Chen Jie, Deng Shirong
1 Division of Biostatistics and Data Science, Department of Population Health Sciences, Medical College of Georgia, Augusta University , Augusta, Georgia .
2 School of Mathematics and Statistics, Wuhan University , Wuhan, China .
J Comput Biol. 2018 Oct;25(10):1128-1140. doi: 10.1089/cmb.2018.0053. Epub 2018 Jul 27.
In this article, we investigate the problem of detecting boundaries of DNA copy number variation (CNV) regions using the DNA-sequencing data from multiple subject samples. Genomic features along the linear realization of the actual genome are correlated, especially within vicinity of a locus, so are the sequencing reads along the genome. It is then crucial to take the correlated structure of such high-throughput genomic data into consideration when modeling DNA-sequencing data for CNV detection from statistical and computational viewpoints. We use the framework of a fused Lasso latent feature model to solve the problem, and propose a modified information criterion for selecting the tuning parameter when search for common CNVs is shared by multiple subjects. Simulation studies and application on multiple subjects' next-generation sequencing data, downloaded from the 1000 Genome Project, showed that the proposed approach can effectively identify individual CNVs of a single subject profile and common CNVs shared by multiple subjects.

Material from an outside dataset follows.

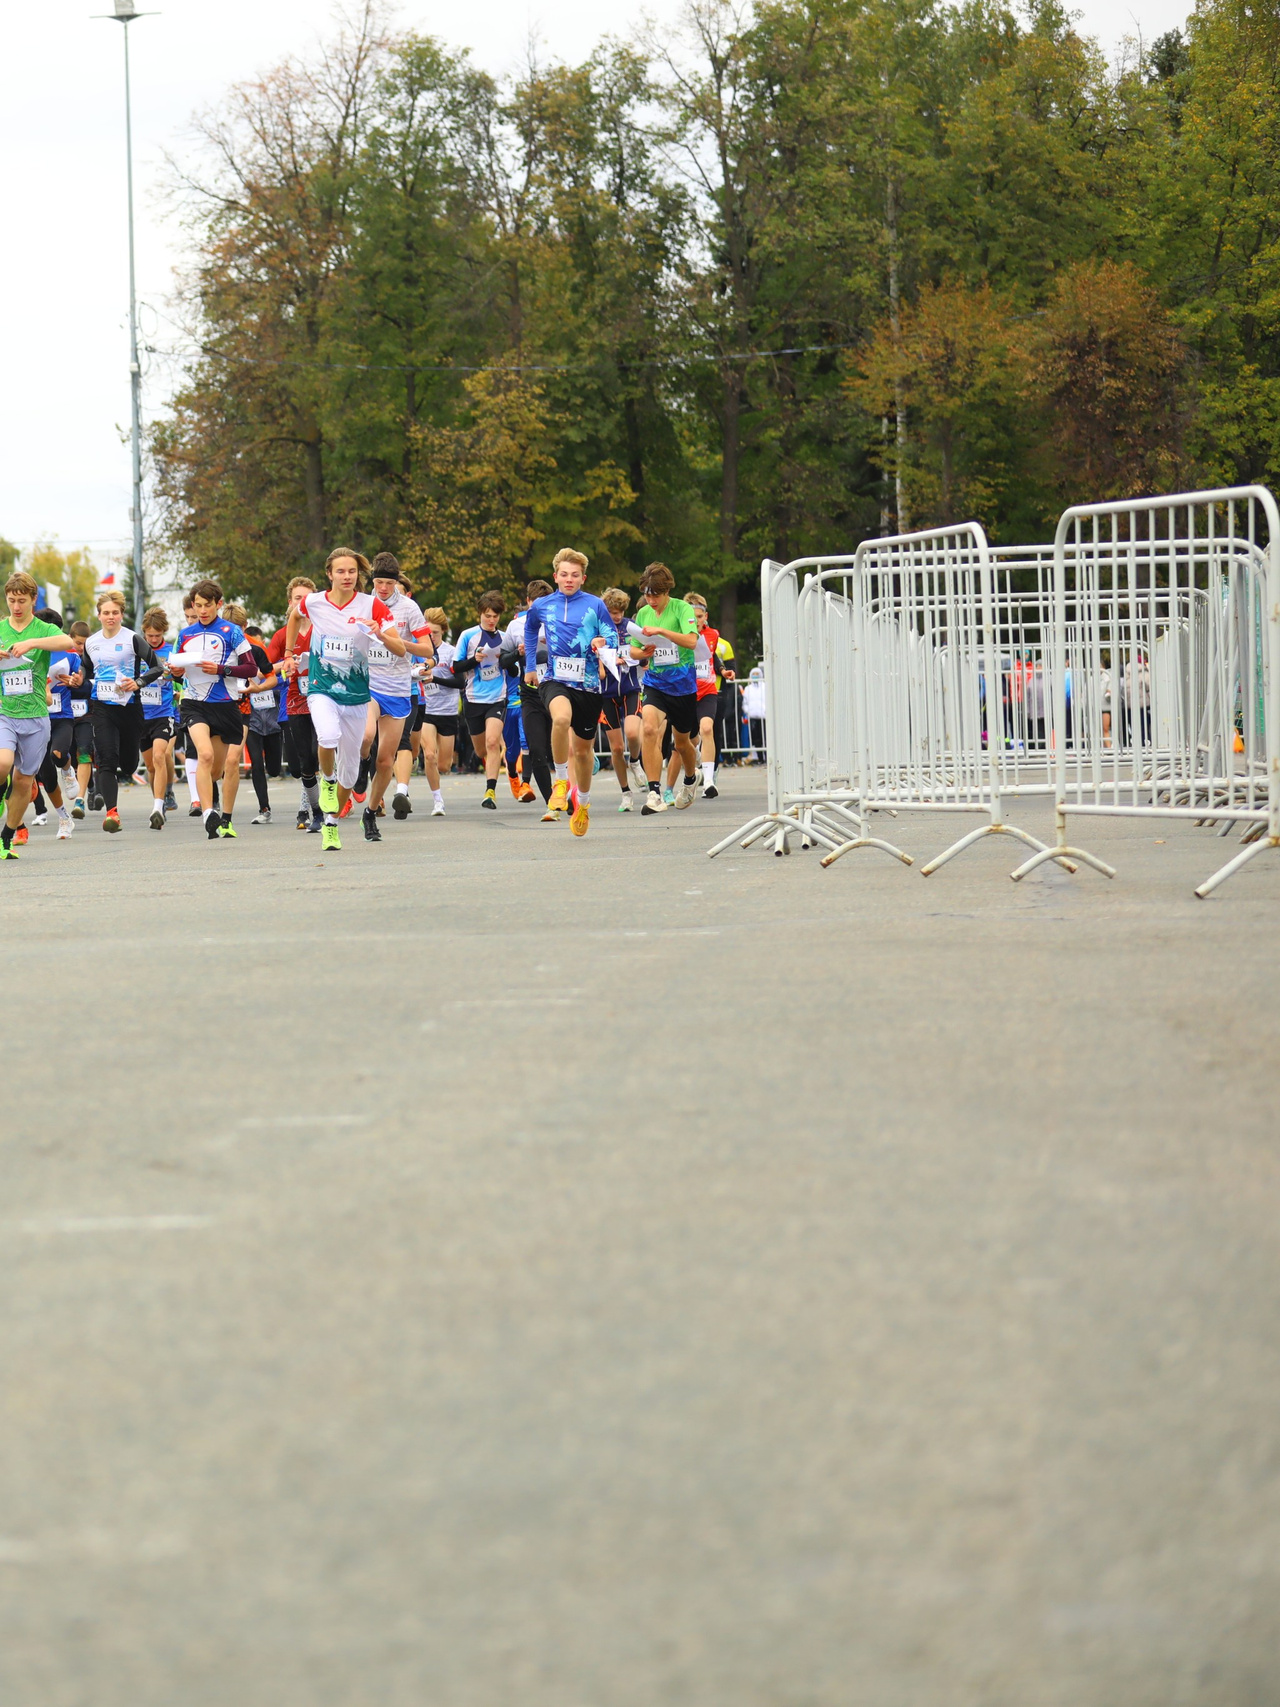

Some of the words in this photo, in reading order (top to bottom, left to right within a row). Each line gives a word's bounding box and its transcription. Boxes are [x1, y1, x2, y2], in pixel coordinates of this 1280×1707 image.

在本文中,我们研究了利用来自多个个体样本的DNA测序数据检测DNA拷贝数变异(CNV)区域边界的问题。沿着实际基因组的线性实现的基因组特征是相关的,特别是在一个基因座附近,沿着基因组的测序读数也是如此。因此,从统计和计算的角度对用于CNV检测的DNA测序数据进行建模时,考虑这种高通量基因组数据的相关结构至关重要。我们使用融合套索潜在特征模型的框架来解决该问题,并提出了一种改进的信息准则,用于在多个个体共享寻找常见CNV时选择调谐参数。对从千人基因组计划下载的多个个体的下一代测序数据进行的模拟研究和应用表明,所提出的方法可以有效地识别单个个体图谱的个体CNV以及多个个体共享的常见CNV。